> **Task directions**
Transcribe these records exactly, dropping every picture.

(Free-text object descriptions)

-*-*-

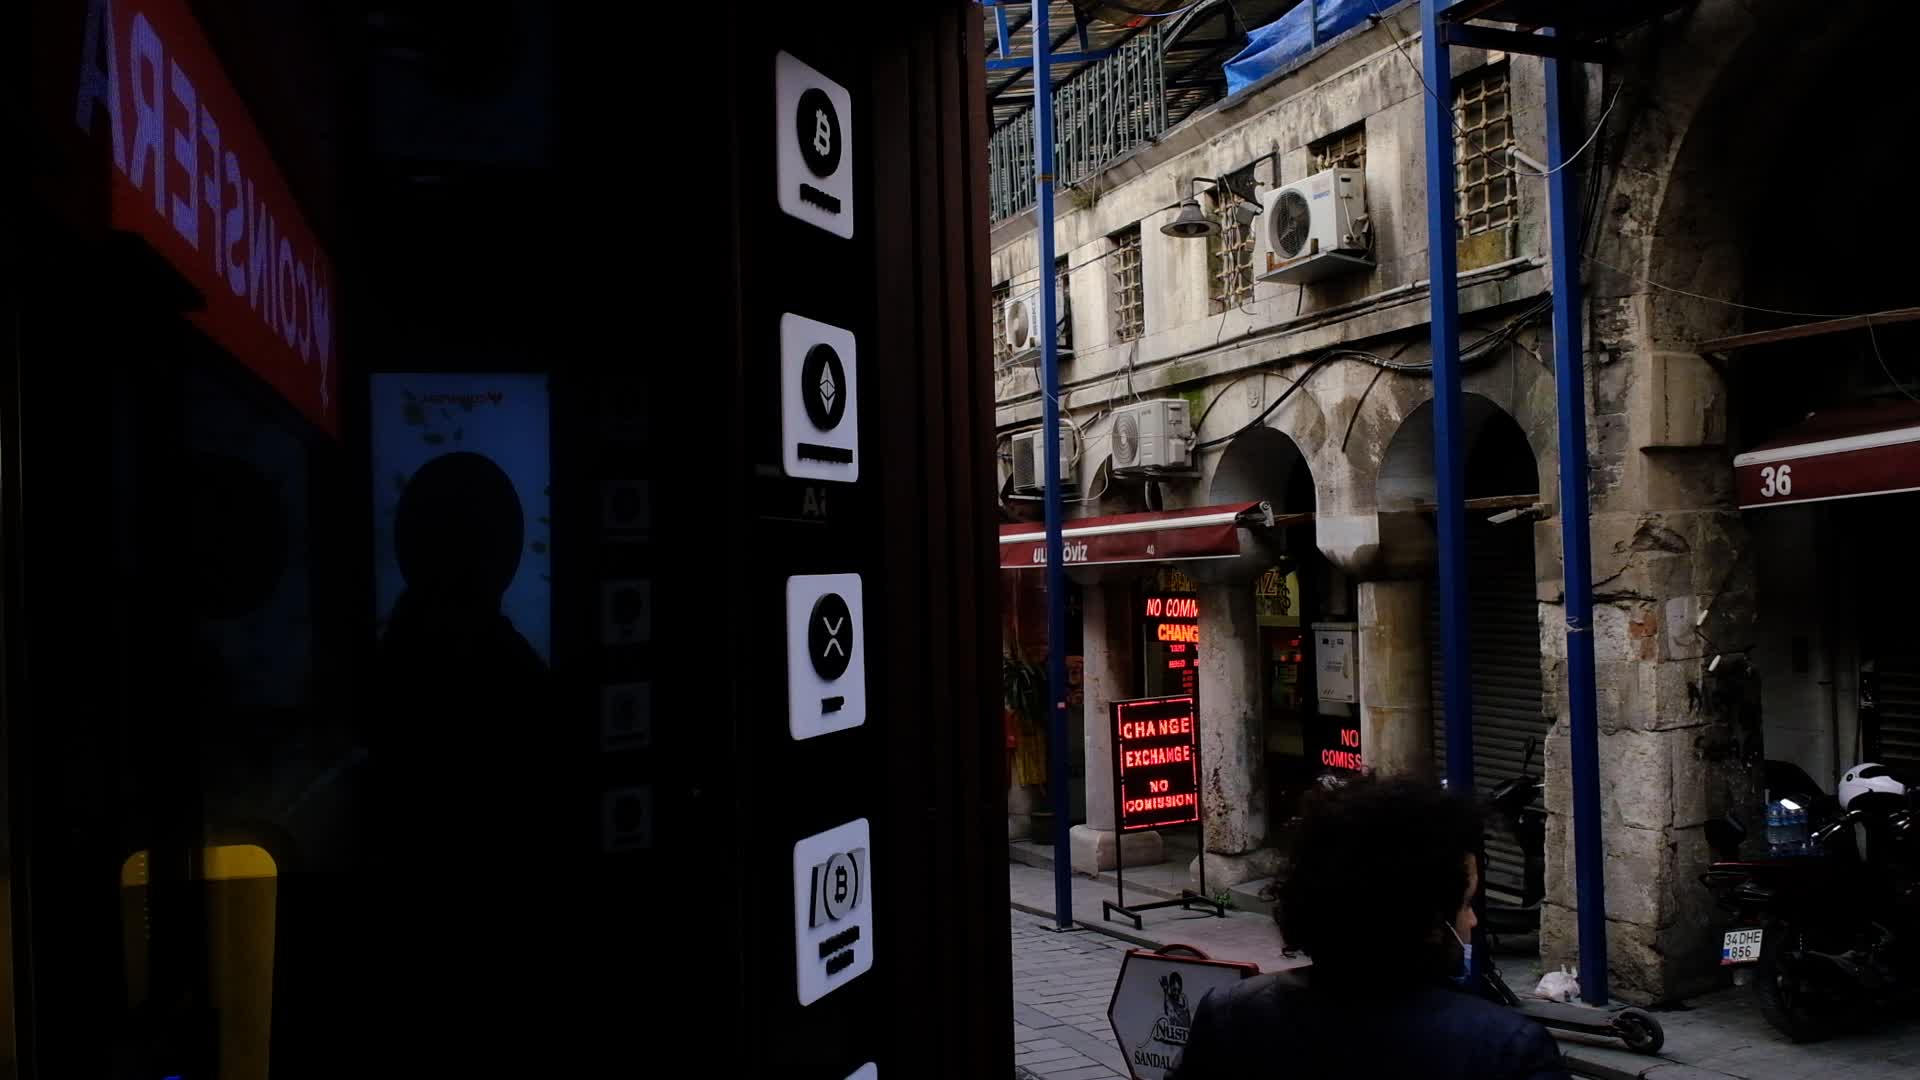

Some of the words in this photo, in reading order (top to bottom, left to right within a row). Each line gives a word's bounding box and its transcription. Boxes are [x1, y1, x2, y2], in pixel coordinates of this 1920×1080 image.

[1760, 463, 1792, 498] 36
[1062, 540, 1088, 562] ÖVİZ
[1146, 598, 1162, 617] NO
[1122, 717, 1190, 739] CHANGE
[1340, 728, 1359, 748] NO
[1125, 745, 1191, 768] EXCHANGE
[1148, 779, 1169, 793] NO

-*-*-

> **Answer area**
Some of the words in this photo, in reading order (top to bottom, left to right within a row). Each line gives a word's bounding box and its transcription. Boxes are [x1, y1, x2, y2], in pixel coordinates of this 1920×1080 image.

[1760, 463, 1792, 498] 36
[1062, 540, 1088, 562] ÖVİZ
[1146, 598, 1162, 617] NO
[1122, 717, 1190, 739] CHANGE
[1340, 728, 1359, 748] NO
[1125, 745, 1191, 768] EXCHANGE
[1148, 779, 1169, 793] NO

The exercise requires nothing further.